Question

Identify the product formed in the following reaction:
$C_6H_5 - CH_2 - CH_3 \xrightarrow[\text{ii) } H_3O^+]{\text{i) alk. } KMnO_4} \text{Product}$

• A. $C_6H_5 - CH_2 - COOH$
• B. $C_6H_5CH_2 - CH_2 - COOH$
• C. $C_6H_5 - OH$
• D. $C_6H_5 - COOH$

Hint:

Remember the "Side-Chain Oxidation Rule": No matter the length of the alkyl chain, strong oxidation of any alkylbenzene possessing benzylic hydrogens will always yield benzoic acid. Only a tert-butyl group (lacking benzylic hydrogens) will resist this oxidation.

Answer 1

The Correct Option is D

Step 1: Understanding the Question:
The problem presents an organic reaction where an alkylbenzene (ethylbenzene, $C_6H_5-CH_2-CH_3$) is subjected to strong oxidative conditions using alkaline potassium permanganate ($KMnO_4$) followed by an acidic workup. We must identify the final organic product.
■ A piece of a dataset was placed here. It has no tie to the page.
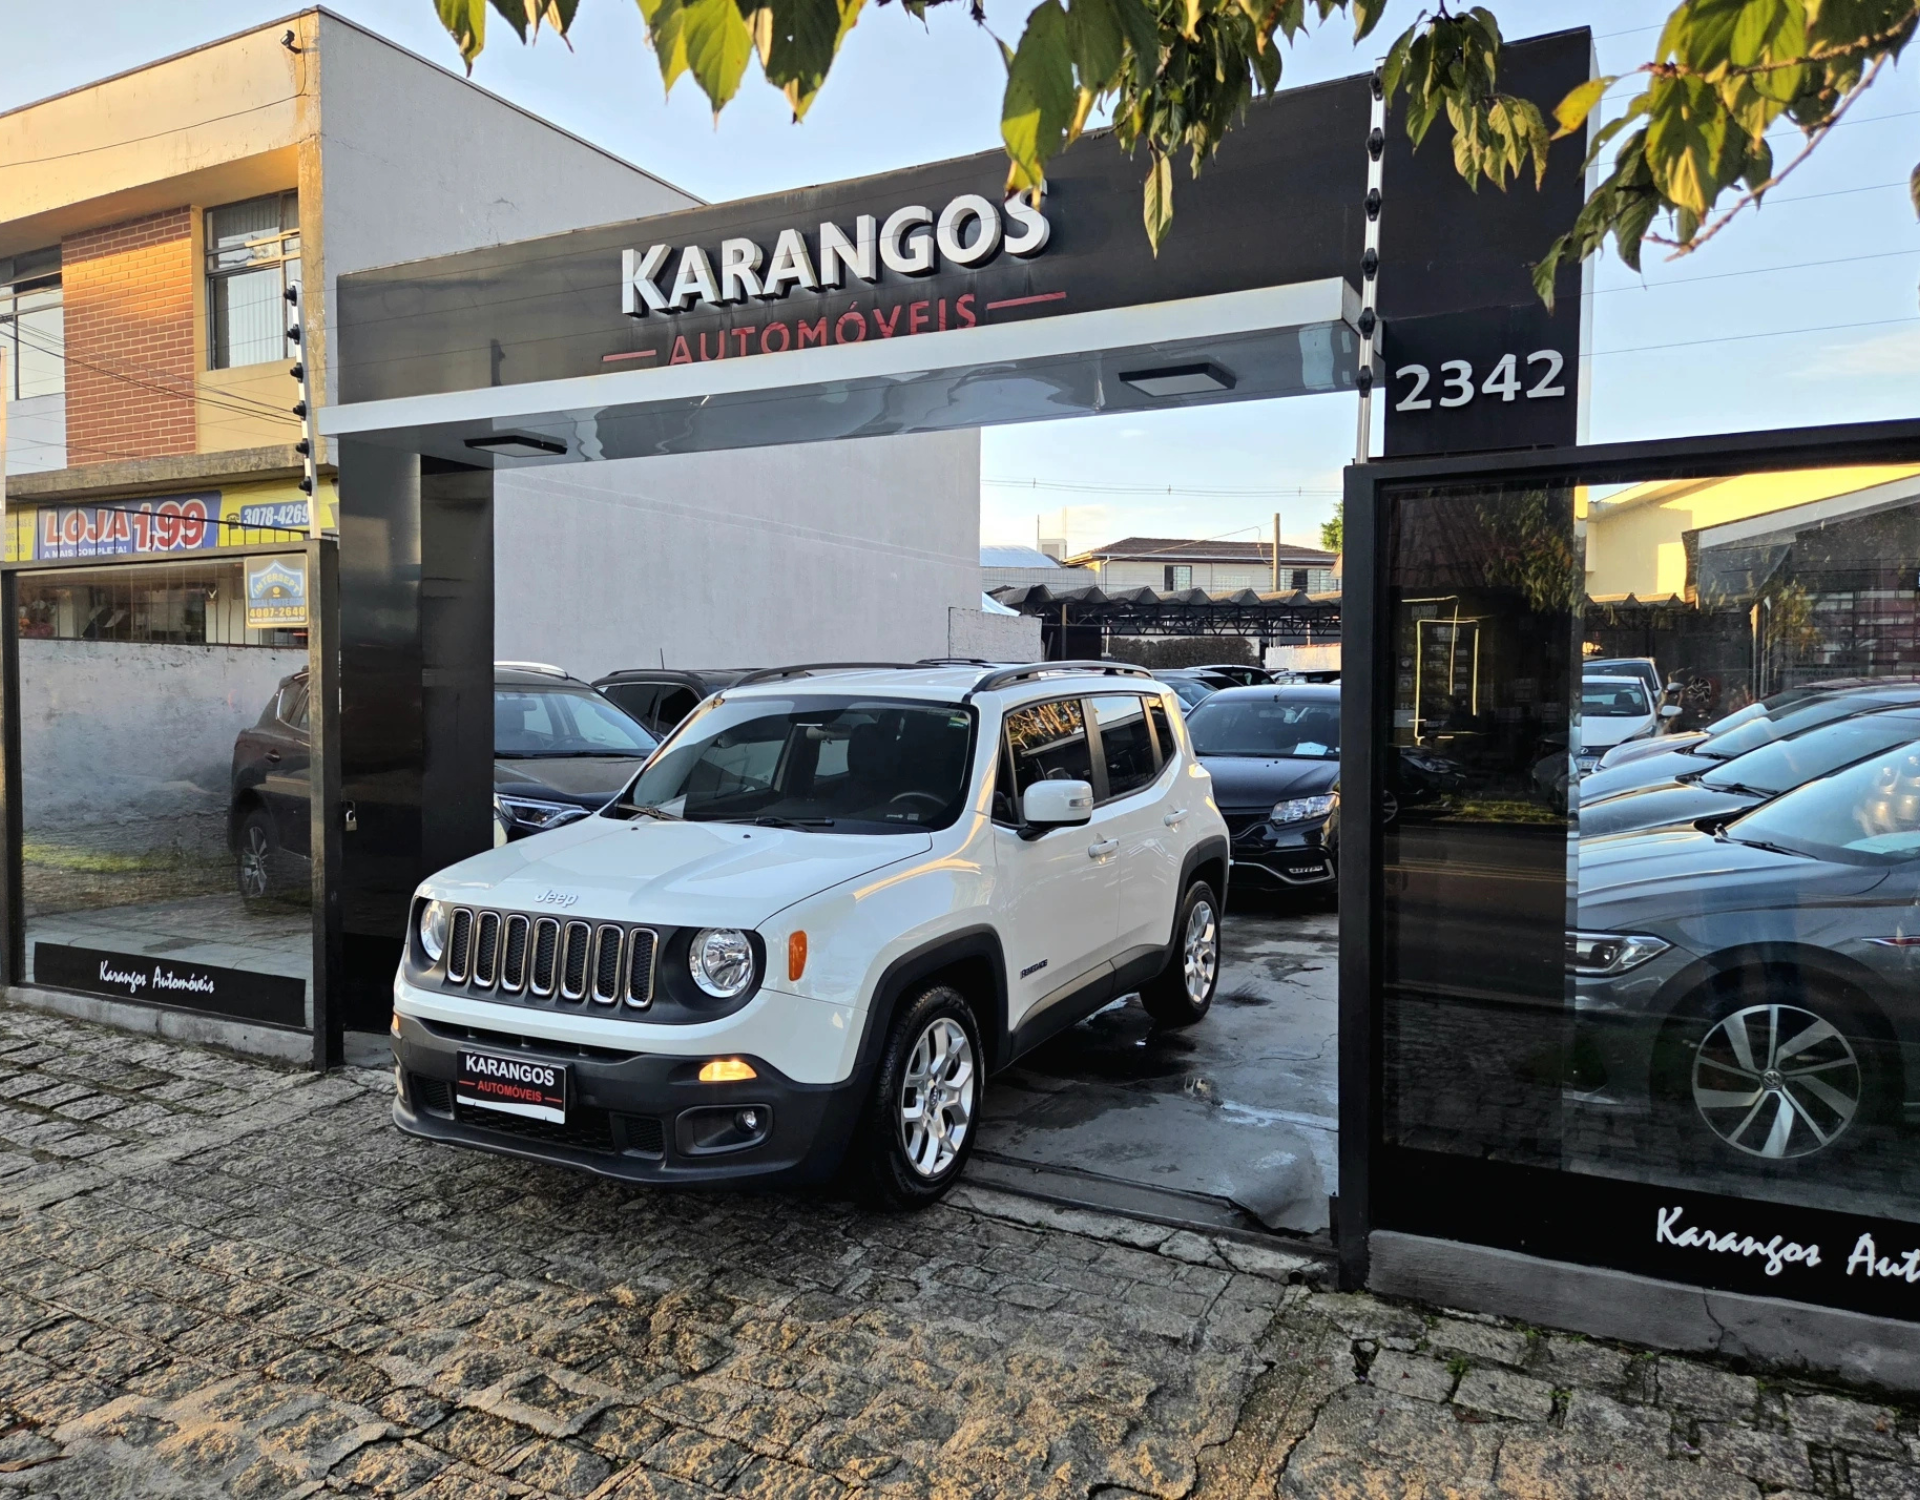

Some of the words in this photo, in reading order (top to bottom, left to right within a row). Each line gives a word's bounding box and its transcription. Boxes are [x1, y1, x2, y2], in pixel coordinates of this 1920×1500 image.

Step 2: Detailed Explanation:
Alkaline $KMnO_4$ is an extremely powerful oxidizing agent.
When it acts upon an aromatic ring holding an alkyl side chain, a very specific and aggressive reaction occurs:
Regardless of how long or complex the alkyl side chain is (whether it is a methyl, ethyl, propyl, or isopropyl group), as long as there is at least one hydrogen atom attached directly to the benzylic carbon (the carbon immediately attached to the benzene ring), the entire side chain is aggressively cleaved and oxidized completely down to a single carboxylic acid group (-COOH).
1. The benzylic carbon undergoes severe oxidation to form a carboxylate salt initially (potassium benzoate) because the reaction is in an alkaline medium. The rest of the carbon chain is cleaved off as $CO_2$ and $H_2O$.
2. The subsequent acidic workup step ($\text{ii) } H_3O^+$) protonates the intermediate carboxylate salt to yield the final, stable carboxylic acid.
Thus, ethylbenzene ($C_6H_5-CH_2-CH_3$) is oxidized directly to benzoic acid ($C_6H_5-COOH$).

Step 3: Final Answer:
The product is benzoic acid, corresponding to option (d).